The Rwenzururu gradually re-established itself in the collapse of the regime of Idi Amin in 1979 where President Godfrey Lukongwa Binaisa, granted Kasese district the right to appoint their own DC (district commissioner) and chiefs.

In October 1980, Amon Bazira, a Uganda People’s Congress Member of parliament for Kasese talked with the Rwenzururu to support the UPC. And the Rwenzururu used terrorist strategies to force people to vote for UPC. Those strategies led to the assassination of Vito Muhindo who was the Democratic Party candidate. And Chrispus Kiyonga a Uganda Patrotic Movement candidate won the Member of Parliament seat. The Batooro, Bakiga and Banyankore were not allowed to register as candidates as they were informed to leave Kasese district before the registrations begun.

As government soldiers retreated in the Uganda-Tanzania War, the Rwenzururu looted the weapons and supplies left behind. Thus well-armed, the Rwenzururu was once again able to pose a serious threat to regional control from 1979 to 1982. In 1982, however, the administration of President Milton Obote negotiated a settlement with the Rwenzururu leaders in which they agreed to abandon the goal of secession in exchange for "a degree of local autonomy," the appointment of Bakonjo and Baamba to government administrative posts, and economic benefits such as vehicles and educational scholarships to be distributed by local elders.
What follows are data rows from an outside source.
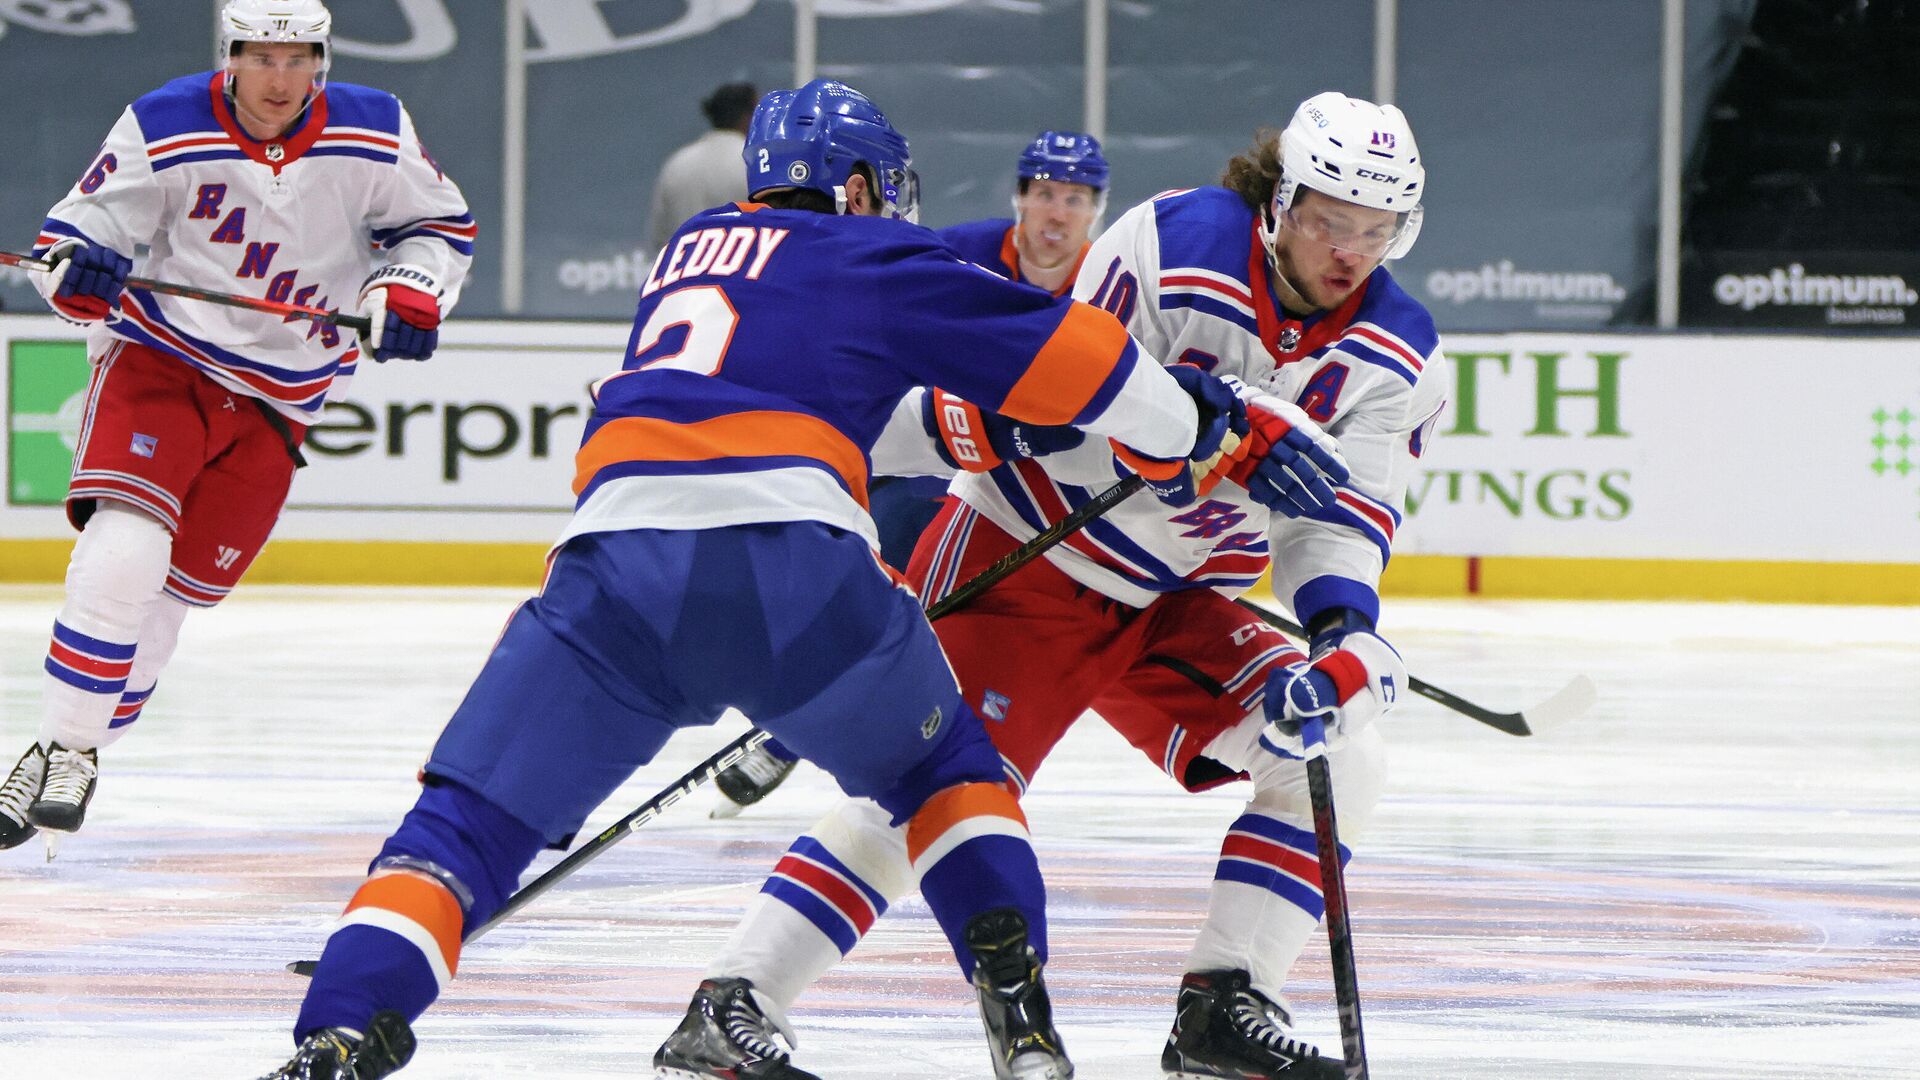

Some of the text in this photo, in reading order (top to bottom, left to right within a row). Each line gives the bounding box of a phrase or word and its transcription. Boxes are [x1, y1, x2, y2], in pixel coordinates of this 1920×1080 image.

[77, 142, 118, 195] 6
[758, 148, 771, 174] 2
[1355, 168, 1400, 184] CCM
[640, 226, 791, 299] LEDDY
[1088, 255, 1139, 329] 10
[635, 284, 741, 377] 2
[1295, 360, 1350, 424] A
During the negotiations, the government preferred direct talks, as they believed third-party mediation would give legitimacy to the Rwenzururu claim.

Amon Bazira had been a key person in the negotiations between the Rwenzururu and Obote government. His insight was that the Rwenzururu was a largely middle class organization that could be placated with commercial prizes. He later approached President Mobutu Sese Seko of Zaire and President Daniel arap Moi of Kenya, who both had grounds for disliking the new Ugandan government led by Yoweri Museveni, for support for new Bakonjo rebellion under an organization called the National Army for the Liberation of Uganda (NALU). Bazira was shot dead in the State House in Nakuru, Kenya in 1993, a probable target of Ugandan agents. In 1995, Sudanese agents engineered the merging of the remnants of NALU with the Uganda Muslim Liberation Army and the Baganda monarchist Allied Democratic Movement in order to give these latter organizations a local constituency, creating the Allied Democratic Forces.

Charles Mumbere was installed as the Omusinga wa Rwenzururu after the death of his father (Isaya Mukirania by the clan leaders and the elders.

== Government recognition ==
In 2001, the Bakonzo asked the Ugandan government for their own state.

A survey carried out by Makerere University found that 87% of the local population in Rwenzururu favored the creation of a kingdom. In 2005, President Museveni directed a ministerial committee headed by Second Deputy Prime Minister and Minister for Public Service Henry Kajura to investigate the Rwenzururu claim to a kingdom and issue a report of his findings. The report stated that over 80% of the Bakonjo and Baamba favoured the creation of a kingdom with Charles Mumbere as the Omusinga (king). It further found that there is no historical claim for a Rwenzururu kingdom or a group of people called Banyarwenzururu, but recommended that the government bow to the wishes of the people. Pursuant to these recommendations, on 17 March 2008 the Ugandan cabinet endorsed the Kingdom of Rwenzururu as a cultural institution and crowned Mumbere as Omusinga Irema-Ngoma I. Three contenders for the throne criticized the government's recognition of Mumbere as Omusinga of Rwenzururu. The government restored the Kingdom of Rwenzururu in 2009.